For the last decade, CSOs have been a regular feature of the Mindanao peace process, helping push the parties to stay the course of negotiations, and bringing in voices of particular communities and peoples to the peace panels so that their concerns are considered in the shape up of a post-conflict political arrangement.
In the post-negotiation phase, Mindanao CSOs are rethinking their relevance and examining the areas of work to which their efforts add value.
"The responsibilities put on your shoulders are tremendous and with far-reaching consequences. The CSOs are indeed indispensable," said MILF chief negotiator Mohagher Iqbal who also chairs the Bangsamoro Transition Commission (BTC).

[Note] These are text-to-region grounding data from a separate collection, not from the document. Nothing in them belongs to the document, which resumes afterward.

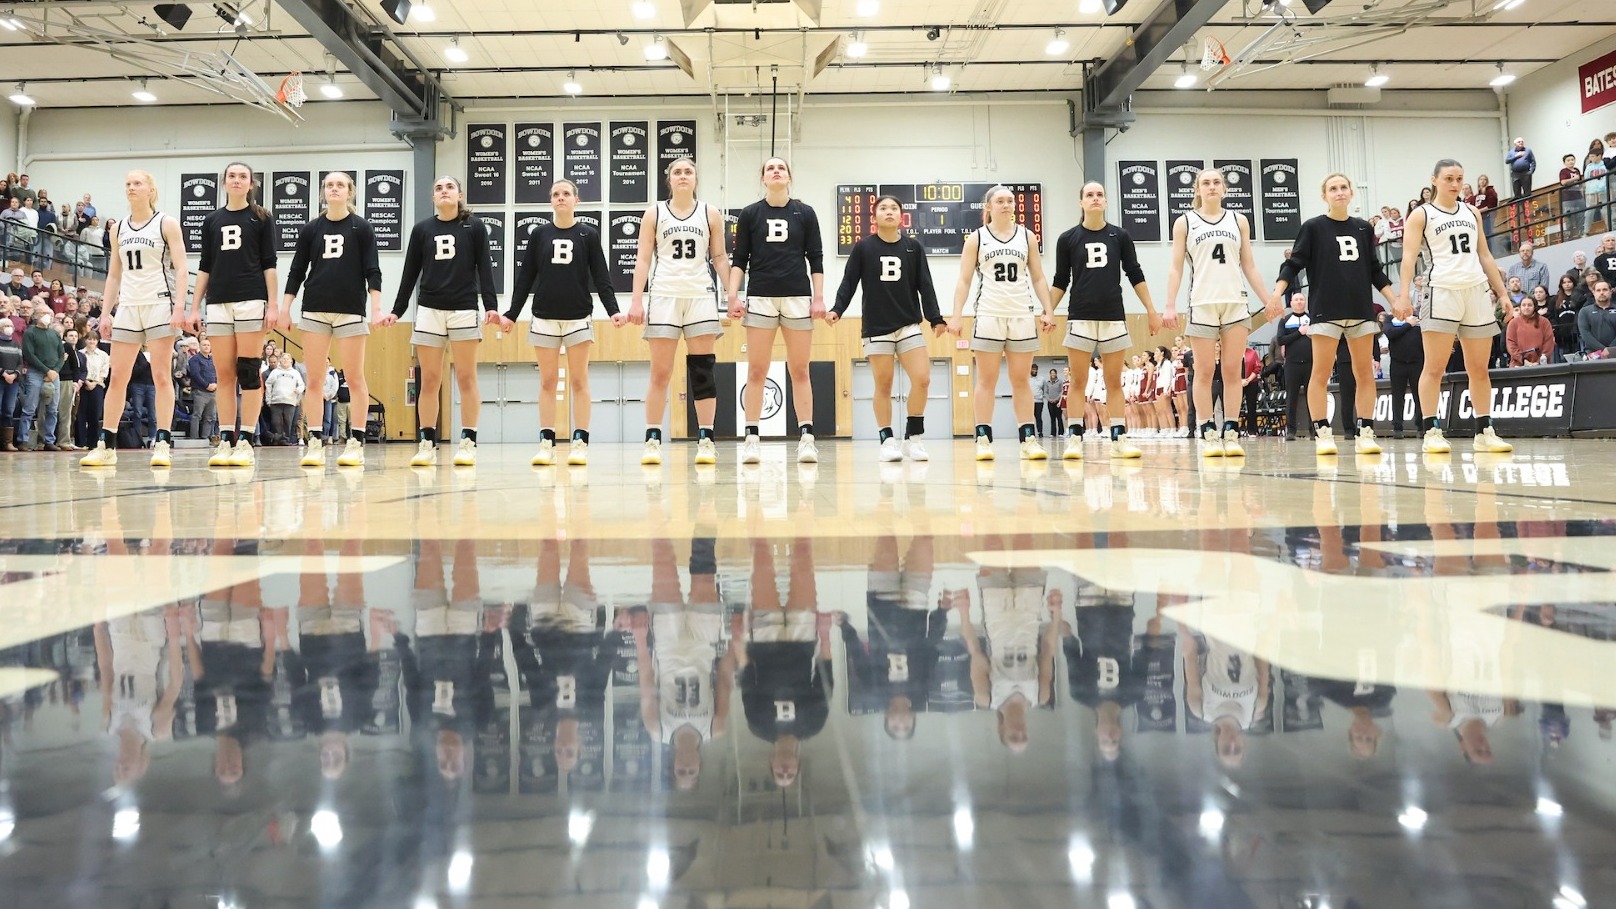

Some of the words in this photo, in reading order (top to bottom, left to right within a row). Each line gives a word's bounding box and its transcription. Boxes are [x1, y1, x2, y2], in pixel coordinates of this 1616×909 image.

[470, 128, 504, 140] BOWDOIN
[518, 128, 551, 138] BOWDOIN
[566, 128, 598, 138] BOWDOIN
[612, 126, 646, 137] BOWDOIN
[660, 125, 694, 136] BOWDOIN
[1122, 166, 1155, 176] BOWDOIN
[1264, 164, 1296, 174] BOWDOIN
[183, 178, 215, 188] BOWDOIN
[275, 176, 307, 187] BOWDOIN
[368, 174, 400, 185] BOWDOIN
[924, 186, 960, 200] 10:00
[1018, 194, 1024, 202] 0
[1034, 194, 1040, 202] 0
[854, 196, 860, 204] 0
[870, 196, 876, 204] 0
[854, 205, 860, 213] 0
[1018, 204, 1024, 212] 0
[1034, 204, 1040, 212] 0
[842, 216, 852, 224] 12
[855, 216, 860, 224] 0
[902, 213, 911, 228] 0
[1020, 214, 1024, 222] 0
[1034, 214, 1040, 222] 0
[663, 226, 704, 239] BOWDOIN
[766, 218, 788, 242] B
[840, 225, 852, 234] 20
[855, 225, 860, 234] 0
[1035, 224, 1040, 232] 0
[1434, 220, 1476, 236] BOWDOIN
[221, 225, 242, 250] B
[840, 236, 852, 244] 33
[1195, 230, 1237, 245] BOWDOIN
[1450, 233, 1470, 254] 12
[322, 234, 344, 258] B
[434, 234, 456, 260] B
[552, 239, 574, 264] B
[672, 239, 696, 259] 33
[1336, 236, 1360, 261] B
[126, 250, 142, 270] 11
[984, 249, 1025, 262] BOWDOIN
[1085, 243, 1108, 268] B
[1212, 244, 1226, 264] 4
[880, 256, 902, 282] B
[994, 262, 1017, 282] 20
[1458, 384, 1566, 419] CLLEGE

Iqbal outlined three major roles for CSOs to take in relation to the work of transitioning from the current autonomous arrangement to that of Bangsamoro, the entity that is invested with far greater political and economic powers in response to the Moro people's clamor for meaningful self-governance.
The first is in bringing the people "on board the peace journey." "We need the people especially the qualified voters during the deciding moment when the Bangsamoro Basic Law will be presented for ratification."
The Basic Law, which is currently being drafted by the BTC, is the charter of the Bangsamoro entity. It will be enacted by Congress into law and put to a vote by the people within the region's proposed territory.
Secondly, Iqbal expects the CSOs to help the BTC gather "important inputs from the people" so that the Basic Law is able to respond to the aspirations of the ordinary folks living within the Bangsamoro.
Thirdly, he sees the crucial work of engaging the national legislators so that the Basic Law they will enact captures the essence of the agreements of the MILF and the government.
"Let us therefore not deprive our legislators our support especially during the hours of hard decision-making. Our legislators need us and we need them, too, to ensure that we journey together for peace through to the end," Iqbal stressed.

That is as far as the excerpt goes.